Vêtu d’une tunique de combat noire, Andriy Khlyvnyuk pose son fusil d’assaut et aide des camarades à transporter des cartons vers un souterrain. Une fourgonnette vient d’apporter des dons pour l’armée et une dizaine de volontaires s’empressent de les descendre dans un abri. Rencontré au hasard d’une visite dans un poste militaire comme il en existe désormais partout dans Kiev, le combattant à la casquette de base-ball siglée « NY » (New York) passe inaperçu. Ce n’est qu’au dernier voyage que deux passantes, ce matin-là, dans la ville déserte, l’interpellent et lui réclament de poser ensemble pour une photo. Andriy sourit, confie son carton à son copain Miro et leur accorde volontiers ce plaisir fugace.

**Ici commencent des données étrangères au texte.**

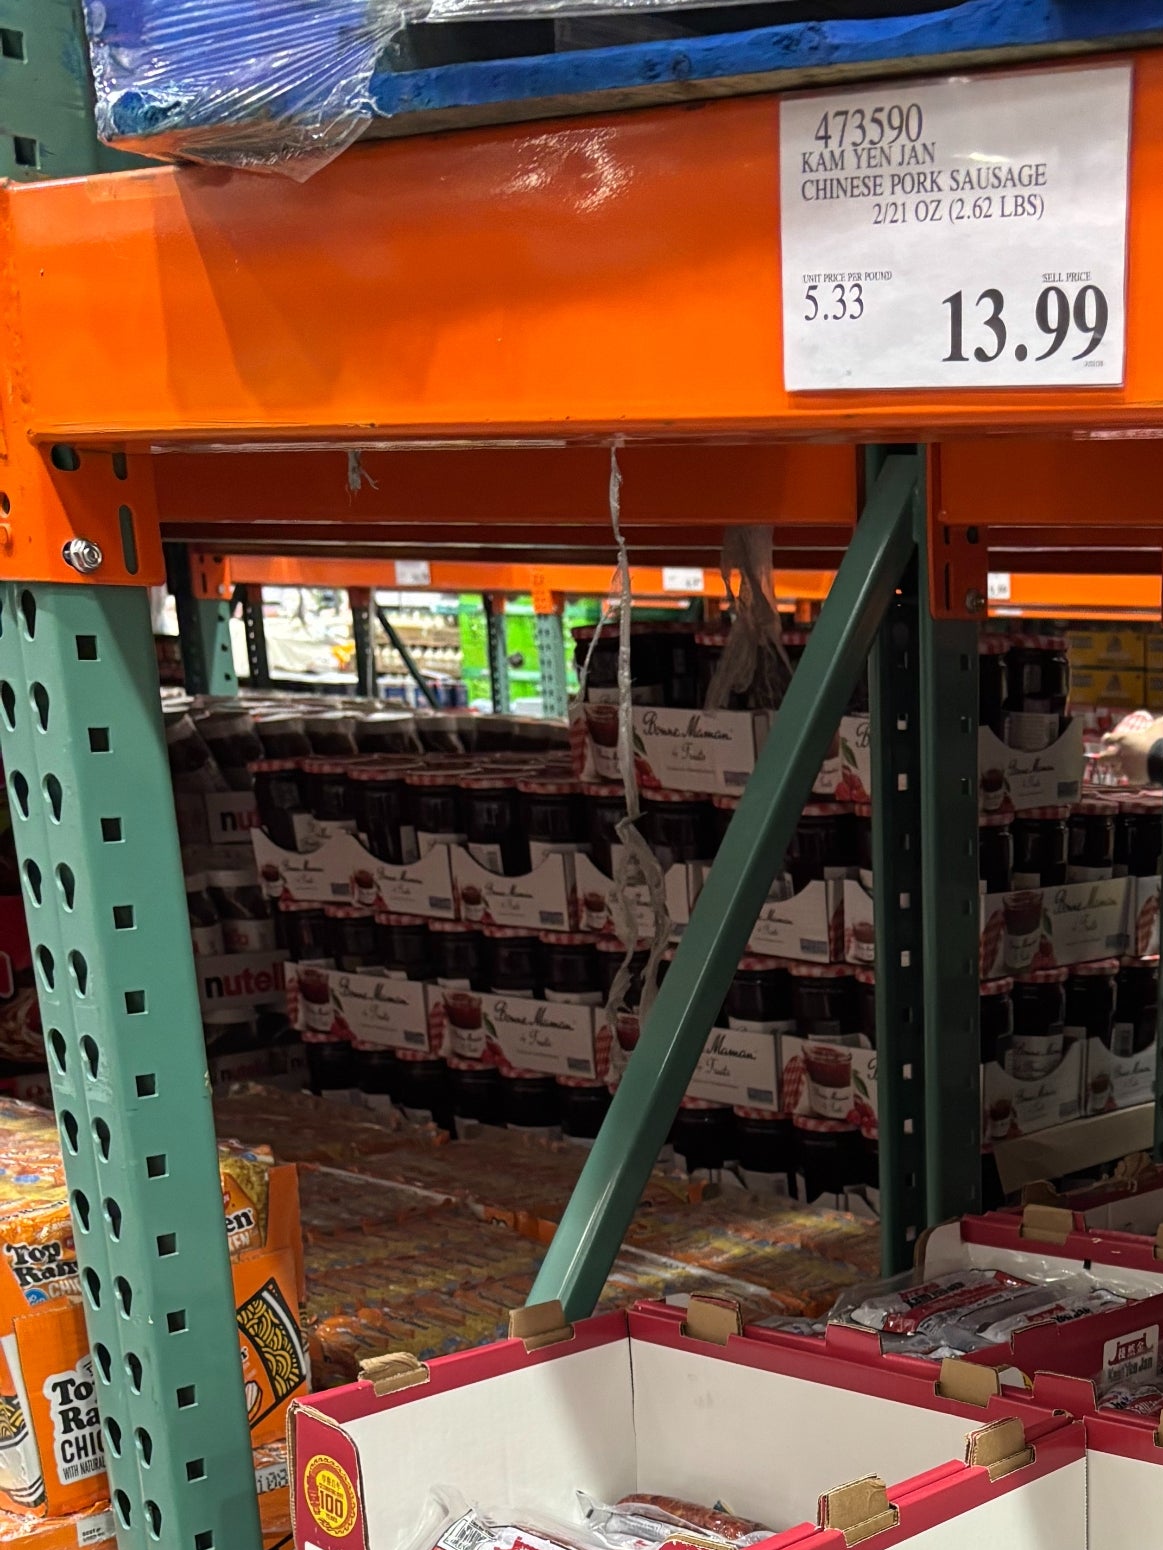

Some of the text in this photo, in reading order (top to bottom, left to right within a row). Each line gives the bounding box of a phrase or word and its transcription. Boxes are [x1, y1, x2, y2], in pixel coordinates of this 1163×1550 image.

Andriy Khlyvnyuk nous glisse alors, en rigolant, que « dans la vraie vie », en temps de paix, il est « une putain de rock star ». BoomBox, de son nom de scène, est immensément populaire auprès des jeunes adeptes de pop et de hip-hop. En ce mois de mars, cet artiste aux neuf albums devait d’ailleurs être en tournée aux Etats-Unis et au Canada. Son agent avait déjà acheté un billet pour San Francisco, sa première étape. Au lieu de cela, il a mis ses enfants à l’abri, hors de Kiev, dès le premier jour de la guerre, le 24 février, avant de revenir le lendemain s’engager dans la défense de la capitale. La fondation d’anciens combattants Come Back Alive (« revenez vivants »), qu’il sert en tant que volontaire depuis l’attaque russe de l’Ukraine en 2014, l’a fait intégrer une unité de combat de la police.

Comme le cinéaste Oleg Sentsov, ancien prisonnier politique en Russie et Prix Sakharov 2018, le racontait lorsque Le Monde l’a retrouvé posté à un checkpoint dans les faubourgs de Kiev, après deux semaines de guerre, « les projets appartiennent au passé. En deux semaines, nos vies ont changé, tout a changé ». Plus de projets de films pour lui, ni d’albums pour BoomBox. Le chanteur se moque de San Francisco, la « putain de rock star » s’est effacée devant Andriy, citoyen ordinaire et combattant volontaire. « Tout ce qu’on faisait, tout ce qu’on pensait avant le 24 février n’a plus aucune valeur, dit-il. Aujourd’hui, nous sommes tous égaux et unis pour défendre l’Ukraine. C’est une question de survie. Le reste, on en reparlera après la guerre… » Dans la cave du poste militaire, avec Miro, un Ukraino-Américain vétéran de la guerre d’Afghanistan dans les rangs de l’armée américaine, et désormais, en temps de paix, étudiant en comédie à New York, ils écoutent les Rolling Stones.